=== Brief ===
Each entry below is to be returned exactly, with any pictures left out.

---- Exercise materials

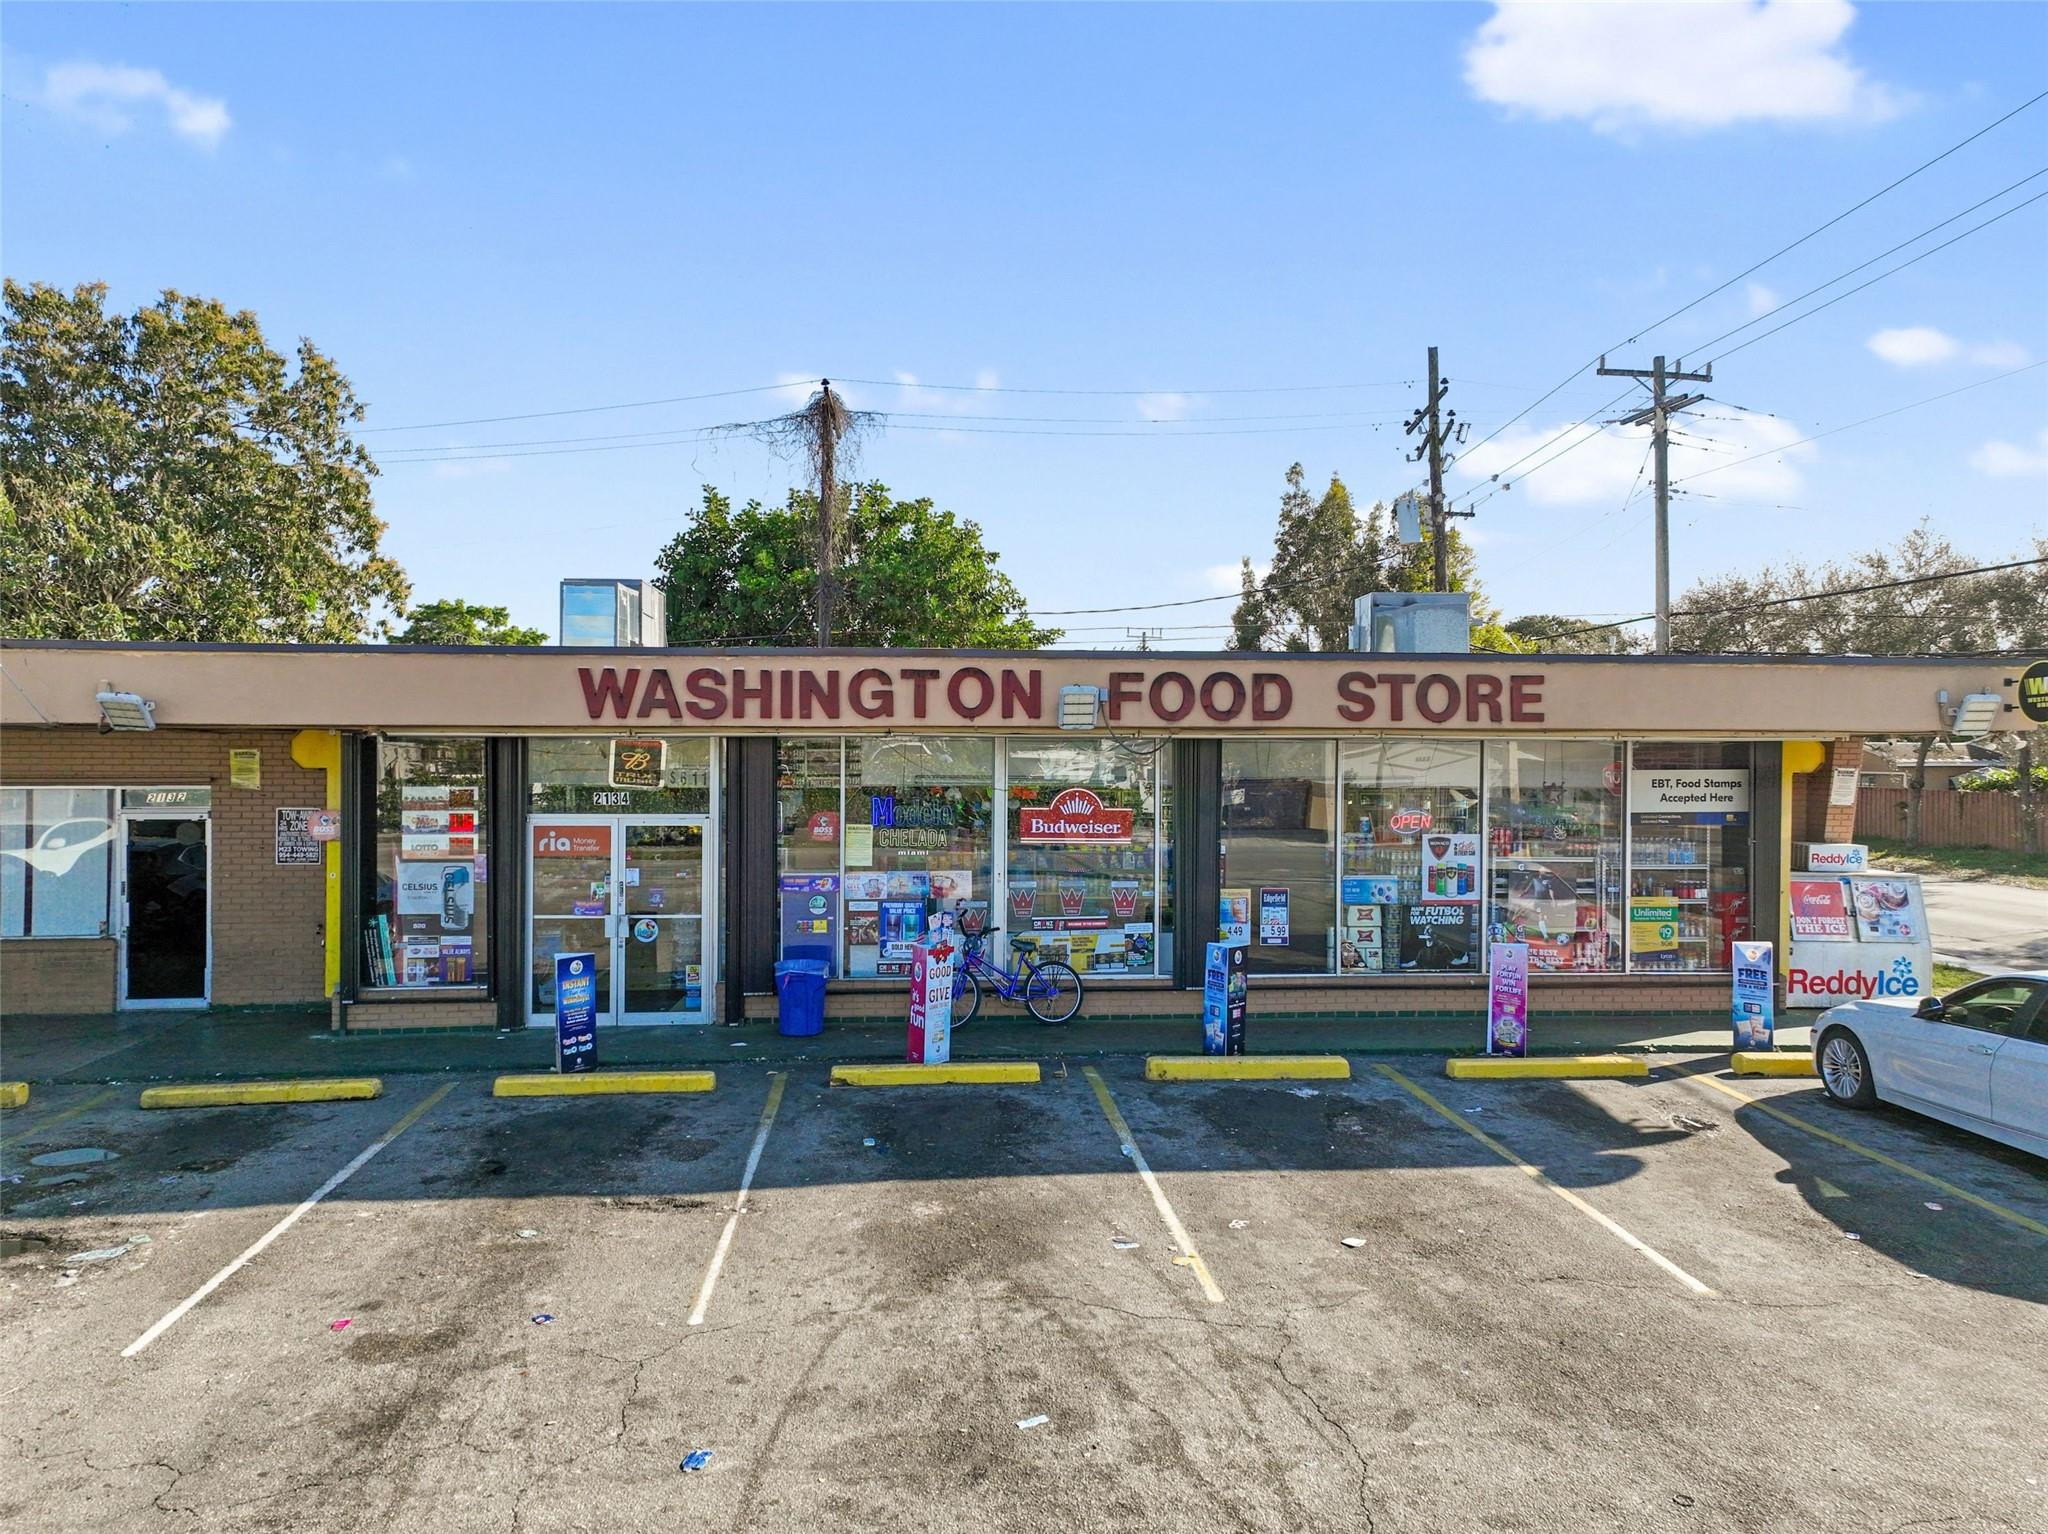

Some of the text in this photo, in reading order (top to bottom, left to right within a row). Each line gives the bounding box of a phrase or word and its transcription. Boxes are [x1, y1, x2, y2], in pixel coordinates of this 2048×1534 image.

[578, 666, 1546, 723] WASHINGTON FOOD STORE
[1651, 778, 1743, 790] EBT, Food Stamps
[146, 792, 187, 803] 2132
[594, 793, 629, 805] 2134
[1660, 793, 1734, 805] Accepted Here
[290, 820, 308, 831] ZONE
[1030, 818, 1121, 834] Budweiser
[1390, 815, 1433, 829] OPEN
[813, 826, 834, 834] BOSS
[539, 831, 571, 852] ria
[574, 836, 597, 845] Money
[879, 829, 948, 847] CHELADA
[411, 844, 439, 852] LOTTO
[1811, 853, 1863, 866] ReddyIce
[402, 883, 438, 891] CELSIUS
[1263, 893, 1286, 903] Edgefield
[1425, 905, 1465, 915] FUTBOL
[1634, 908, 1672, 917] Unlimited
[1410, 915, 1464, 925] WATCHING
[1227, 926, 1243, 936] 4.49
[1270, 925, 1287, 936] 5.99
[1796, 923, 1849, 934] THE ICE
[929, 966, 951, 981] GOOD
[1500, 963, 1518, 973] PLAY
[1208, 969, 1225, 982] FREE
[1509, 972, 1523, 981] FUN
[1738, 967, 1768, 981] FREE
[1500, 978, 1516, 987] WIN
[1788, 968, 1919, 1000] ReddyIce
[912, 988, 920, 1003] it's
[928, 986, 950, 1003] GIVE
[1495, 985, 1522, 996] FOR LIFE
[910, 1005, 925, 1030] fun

--------

=== Result ===
Some of the text in this photo, in reading order (top to bottom, left to right within a row). Each line gives the bounding box of a phrase or word and its transcription. Boxes are [x1, y1, x2, y2], in pixel coordinates of this 2048×1534 image.

[578, 666, 1546, 723] WASHINGTON FOOD STORE
[1651, 778, 1743, 790] EBT, Food Stamps
[146, 792, 187, 803] 2132
[594, 793, 629, 805] 2134
[1660, 793, 1734, 805] Accepted Here
[290, 820, 308, 831] ZONE
[1030, 818, 1121, 834] Budweiser
[1390, 815, 1433, 829] OPEN
[813, 826, 834, 834] BOSS
[539, 831, 571, 852] ria
[574, 836, 597, 845] Money
[879, 829, 948, 847] CHELADA
[411, 844, 439, 852] LOTTO
[1811, 853, 1863, 866] ReddyIce
[402, 883, 438, 891] CELSIUS
[1263, 893, 1286, 903] Edgefield
[1425, 905, 1465, 915] FUTBOL
[1634, 908, 1672, 917] Unlimited
[1410, 915, 1464, 925] WATCHING
[1227, 926, 1243, 936] 4.49
[1270, 925, 1287, 936] 5.99
[1796, 923, 1849, 934] THE ICE
[929, 966, 951, 981] GOOD
[1500, 963, 1518, 973] PLAY
[1208, 969, 1225, 982] FREE
[1509, 972, 1523, 981] FUN
[1738, 967, 1768, 981] FREE
[1500, 978, 1516, 987] WIN
[1788, 968, 1919, 1000] ReddyIce
[912, 988, 920, 1003] it's
[928, 986, 950, 1003] GIVE
[1495, 985, 1522, 996] FOR LIFE
[910, 1005, 925, 1030] fun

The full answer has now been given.